Jeśli chodzi o rozkazy w romansie, jest jeszcze jedna niespójność. Kornet Obolensky nie mógł wydawać rozkazów tylko dlatego, że stopień korneta był młodszy (pierwszy) w kawalerii i mógł otrzymać tylko trzy ordery: św. Stanisława III stopnia, św. Anny IV stopnia i św. Jerzego IV stopnia. Ale do rękojeści szabli przyczepiono order św. Anny, a po odznaczeniu św. Jerzego kornet awansował do rangi. Między innymi za każde zamówienie odbiorca musiał wpłacić wkład pieniężny, którego kwota została przeznaczona na cele charytatywne. Okazuje się, że kornet Obolensky mógł założyć tylko Order św. Stanisława.
Autor piosenek
A jednak, kto jest autorem tego romansu? Zarówno w czasach sowieckich, jak i w chwili obecnej debata o autorstwie piosenki nie ustaje. Swego czasu autorami wielu pieśni lat siedemdziesiątych i organizatorem zespołu Black Sea Gull ogłosili się Zhanna Bichevskaya, Michaił Zvezdinsky i Władysław Kocyszewski. Następnie jako autora ogłoszono poetę i wieszcza A. Galicha.

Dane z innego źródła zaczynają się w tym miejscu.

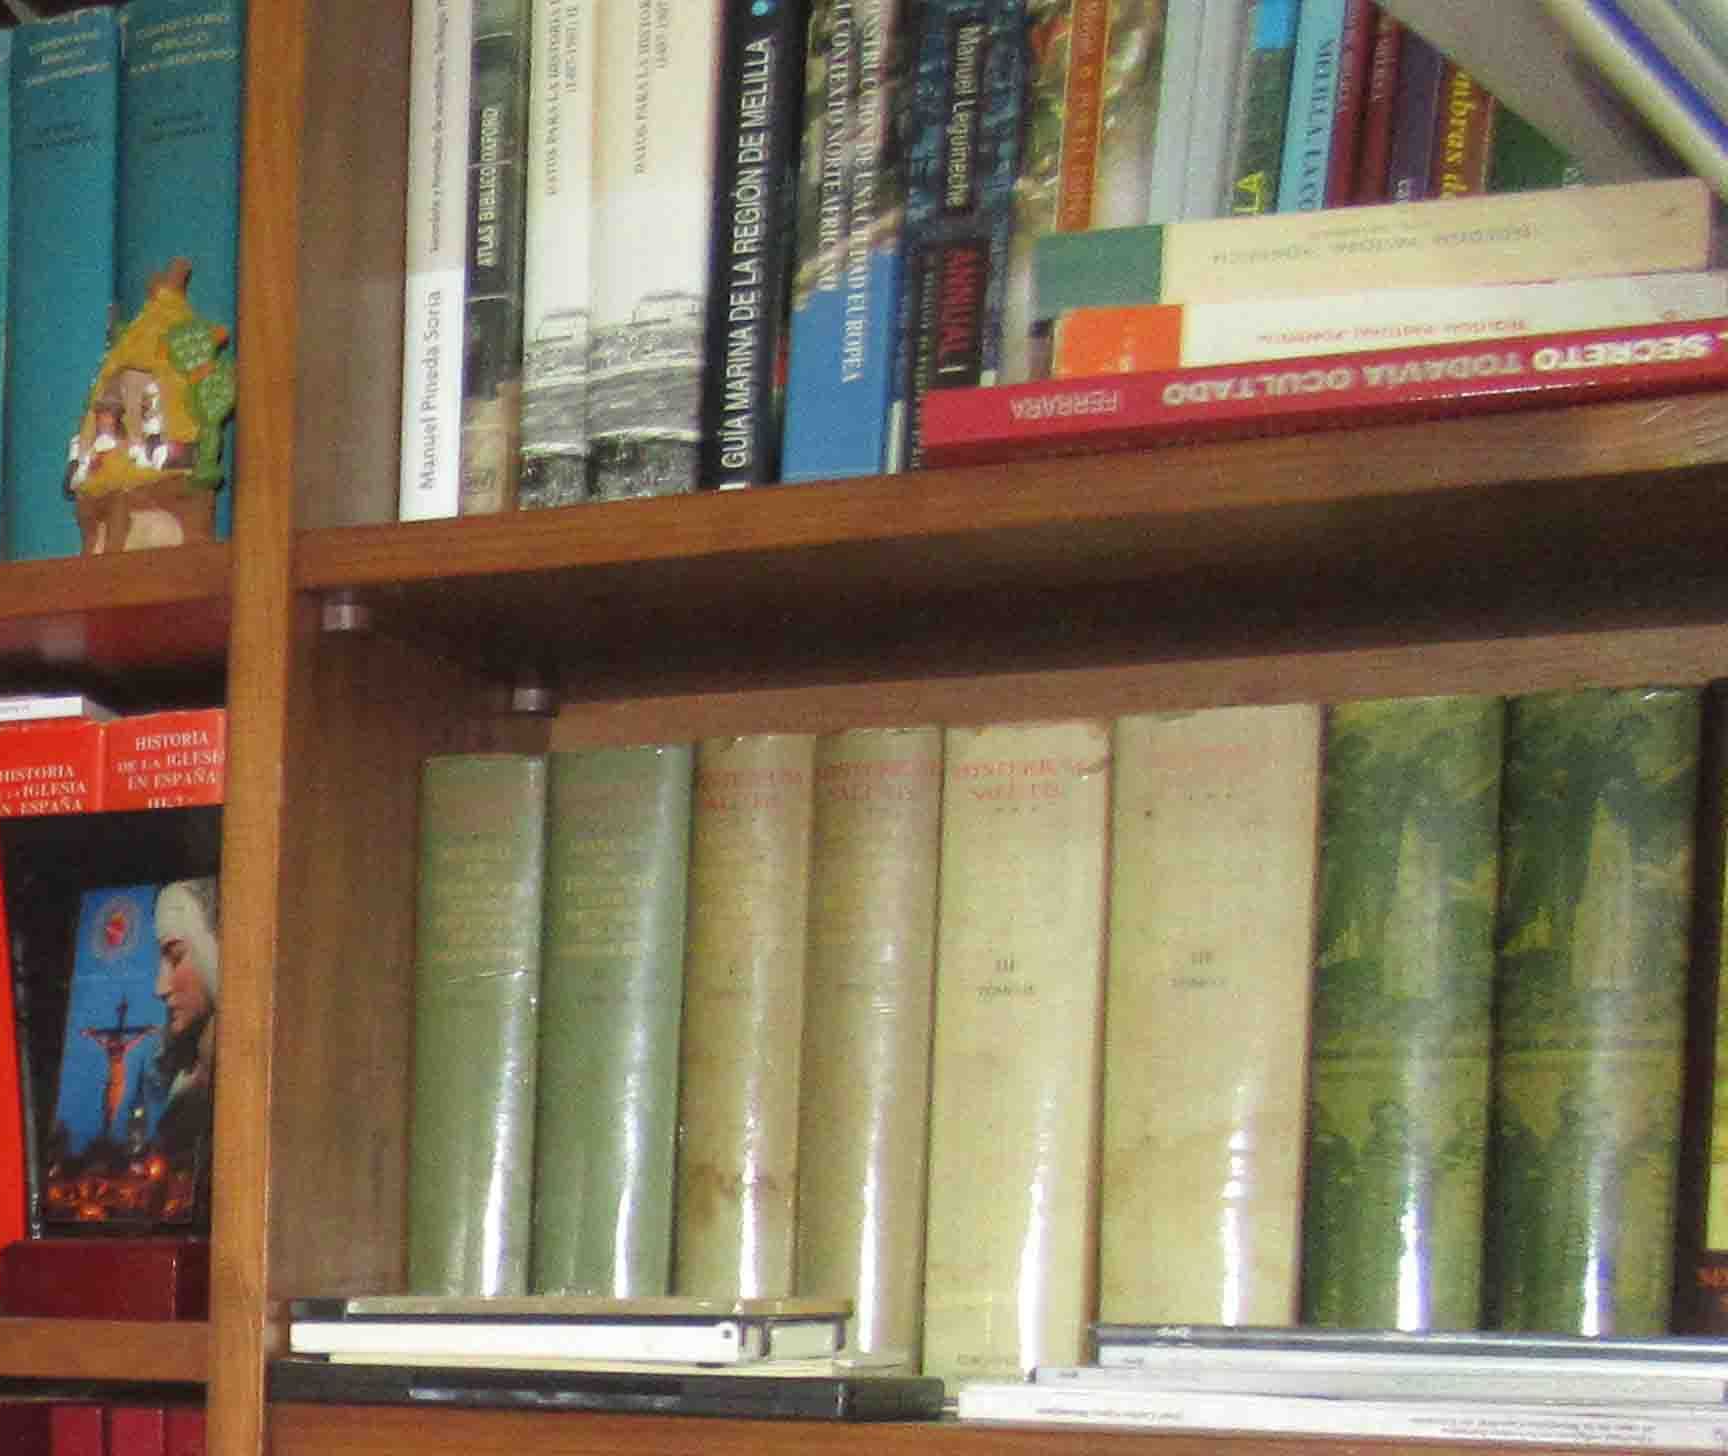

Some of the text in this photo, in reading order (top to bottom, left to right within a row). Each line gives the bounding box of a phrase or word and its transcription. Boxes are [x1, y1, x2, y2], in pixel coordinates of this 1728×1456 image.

Arkady Siewierny po raz pierwszy wystąpił w romansie w maju 1977 roku. Nagrania dokonano w podziemnym studiu (mieszkaniu) Siergieja Maklakowa, patrona chanson w tamtych latach. Arkady Severny wykonywał piosenki wraz z zespołem Black Sea Chaika. Nie znaleziono wcześniejszych wpisów. Przyjaciele Arkadego Siewiernego na oficjalnej stronie piosenkarza mówią, że w tym czasie miał trudności z repertuarem i sam zasugerował włączenie iten romans. Miał dostępny czterowiersz piosenki, ale sytuacja poprawiła się, gdy bliski przyjaciel Siergieja Maklakowa, poeta W. Romensky, zgodził się na prośbę Siergieja i dokończył „romans Białej Gwardii”. W ten sposób przyszedł XX-wieczny hit Cornet Obolensky.
W 1984 roku w filmie „Spisek przeciwko Krajowi Sowietów”, kiedy pokazano białych emigrantów, podkładem dźwiękowym była piosenka wykonywana przez Arkadego Severnego.